PROBLEM TO WORK ON :: Lines from the one with "this 2212×1659 image." to the end of the material, both included: print them exactly and print nothing else. Omit the pictures.

DATASET EXCERPTS ::
───

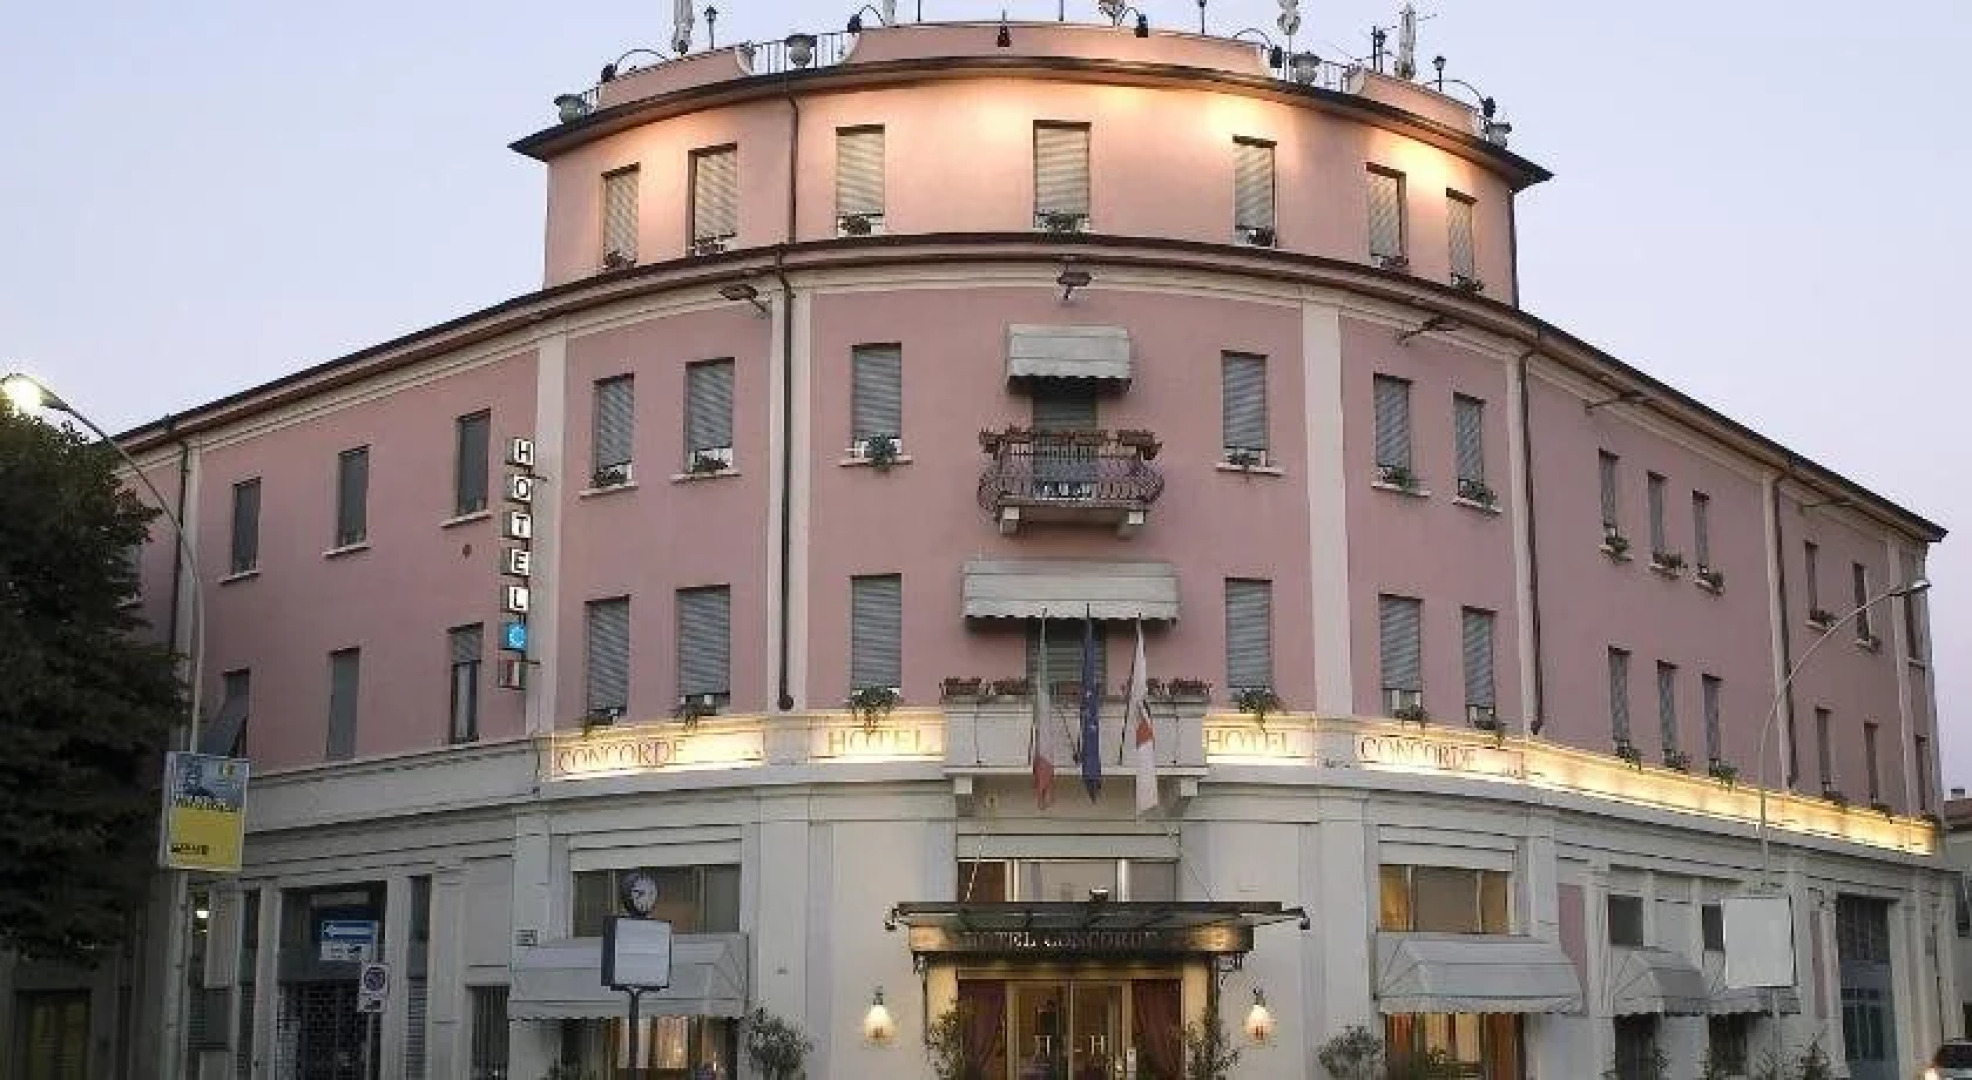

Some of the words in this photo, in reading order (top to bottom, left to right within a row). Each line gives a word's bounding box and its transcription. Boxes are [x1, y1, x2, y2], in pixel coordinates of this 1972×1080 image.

[509, 438, 533, 611] HOTEL
[558, 738, 688, 775] CONCORDE
[828, 729, 930, 755] HOTEL
[1206, 729, 1297, 755] HOTEL
[1360, 736, 1477, 773] CONCORDE
[962, 930, 1036, 948] HOTEL
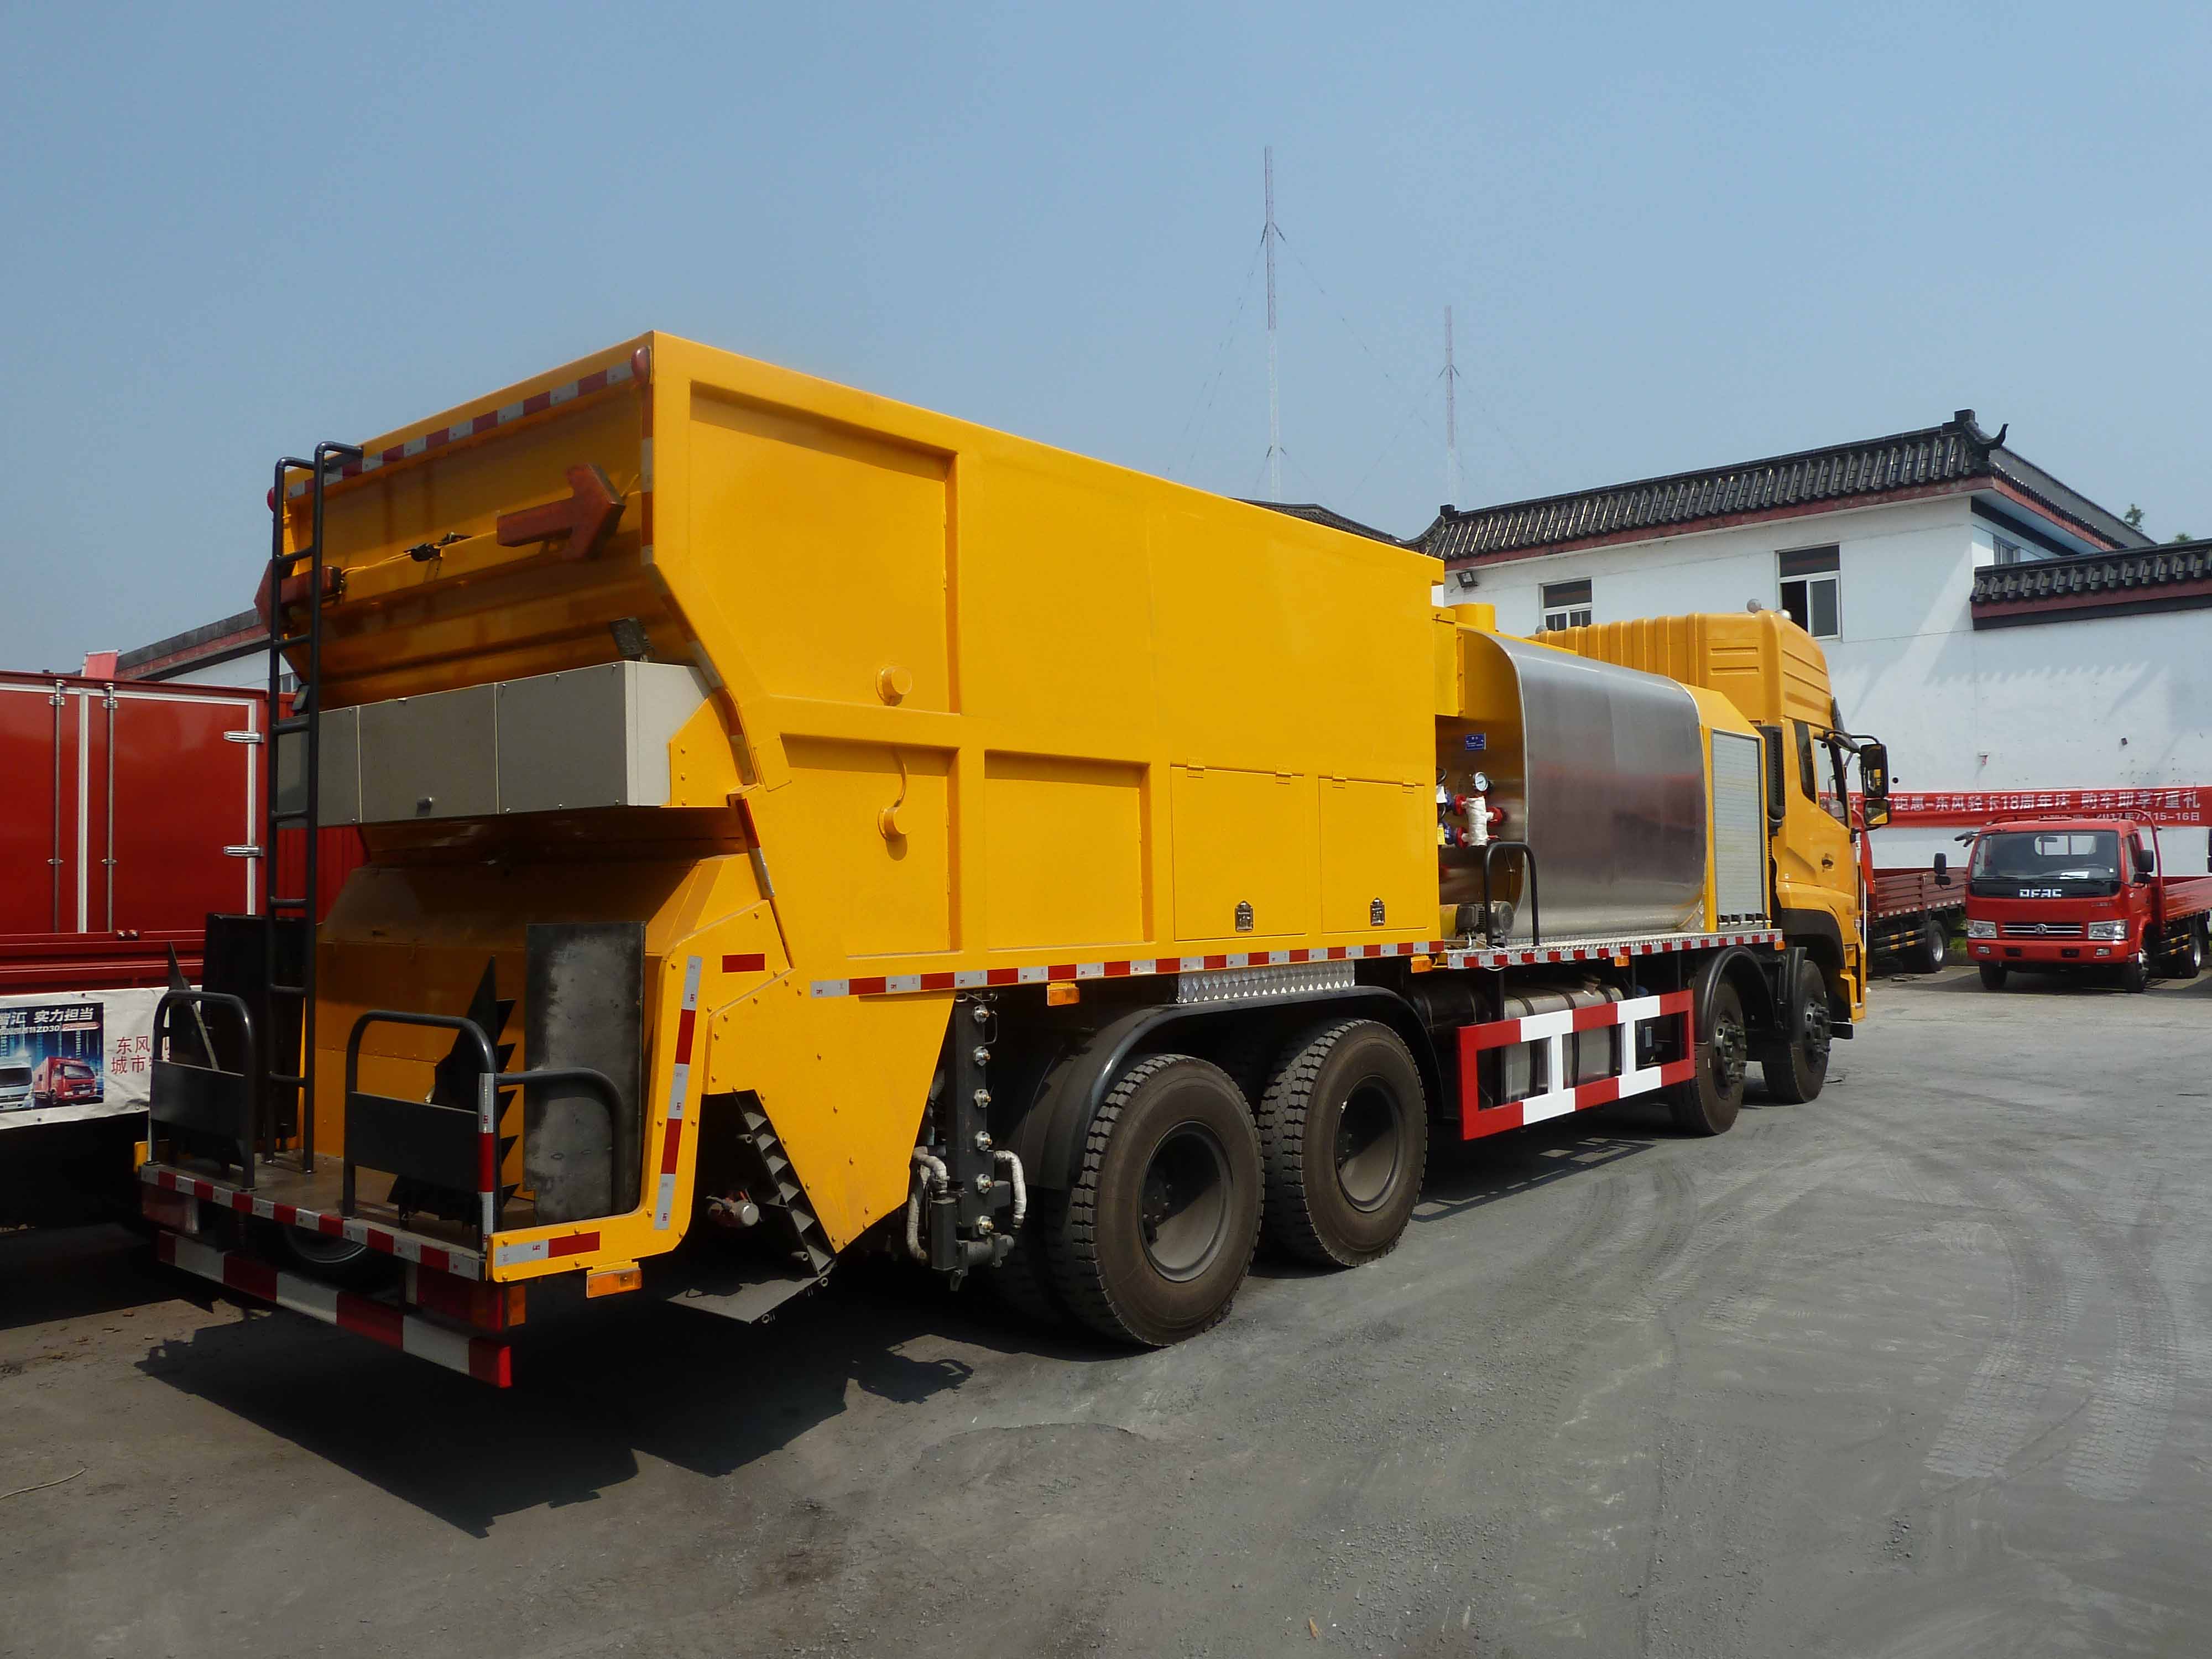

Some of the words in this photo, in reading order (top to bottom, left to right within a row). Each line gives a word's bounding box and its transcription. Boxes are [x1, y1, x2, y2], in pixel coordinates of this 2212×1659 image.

[2019, 889, 2062, 898] DFAC
[34, 1008, 93, 1023] 实力担当
[116, 1035, 169, 1055] 东风
[111, 1055, 154, 1074] 城市
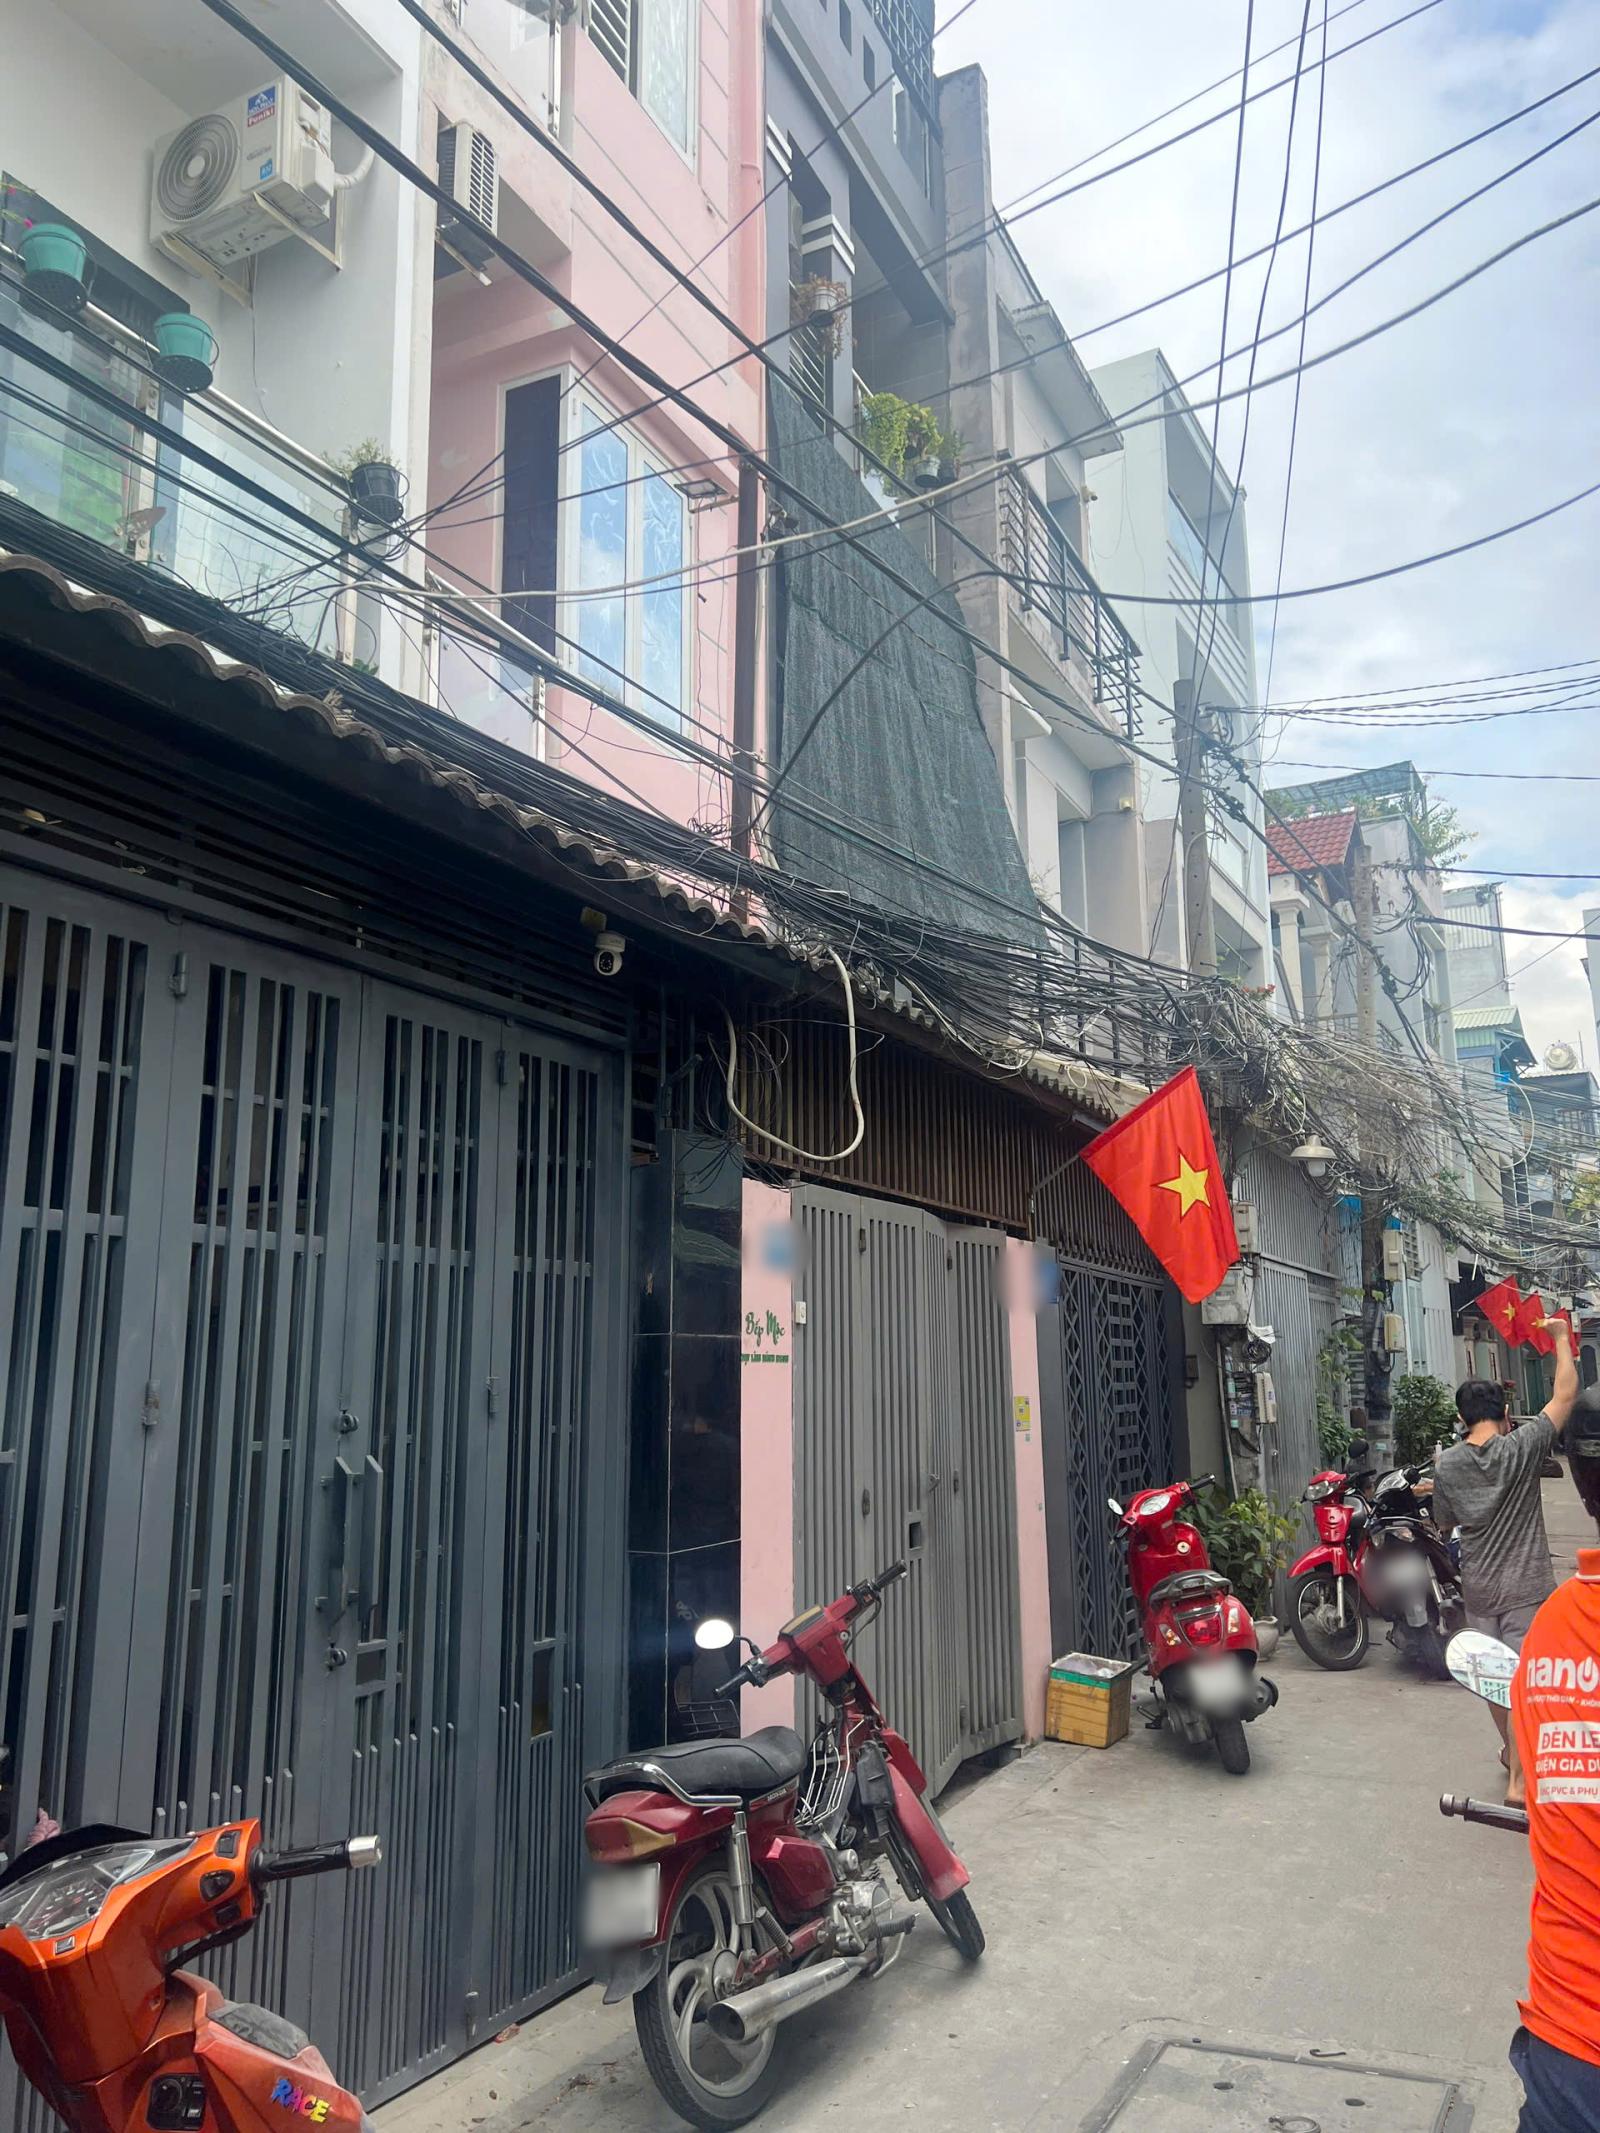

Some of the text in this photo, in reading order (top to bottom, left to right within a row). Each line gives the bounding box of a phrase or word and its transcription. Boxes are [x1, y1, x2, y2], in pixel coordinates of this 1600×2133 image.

───

COMPLETED EXERCISE ::
Some of the words in this photo, in reading order (top to bottom, left to right within a row). Each line gives a word's bounding box and its transcription. Boxes are [x1, y1, x2, y2], in pixel coordinates of this 2212×1659 image.

[2019, 889, 2062, 898] DFAC
[34, 1008, 93, 1023] 实力担当
[116, 1035, 169, 1055] 东风
[111, 1055, 154, 1074] 城市

Some of the text in this photo, in reading order (top to bottom, left to right within a row). Each line gives the bounding box of a phrase or word and its transcription. Boxes are [x1, y1, x2, y2], in pixel coordinates of this 1600×2133 image.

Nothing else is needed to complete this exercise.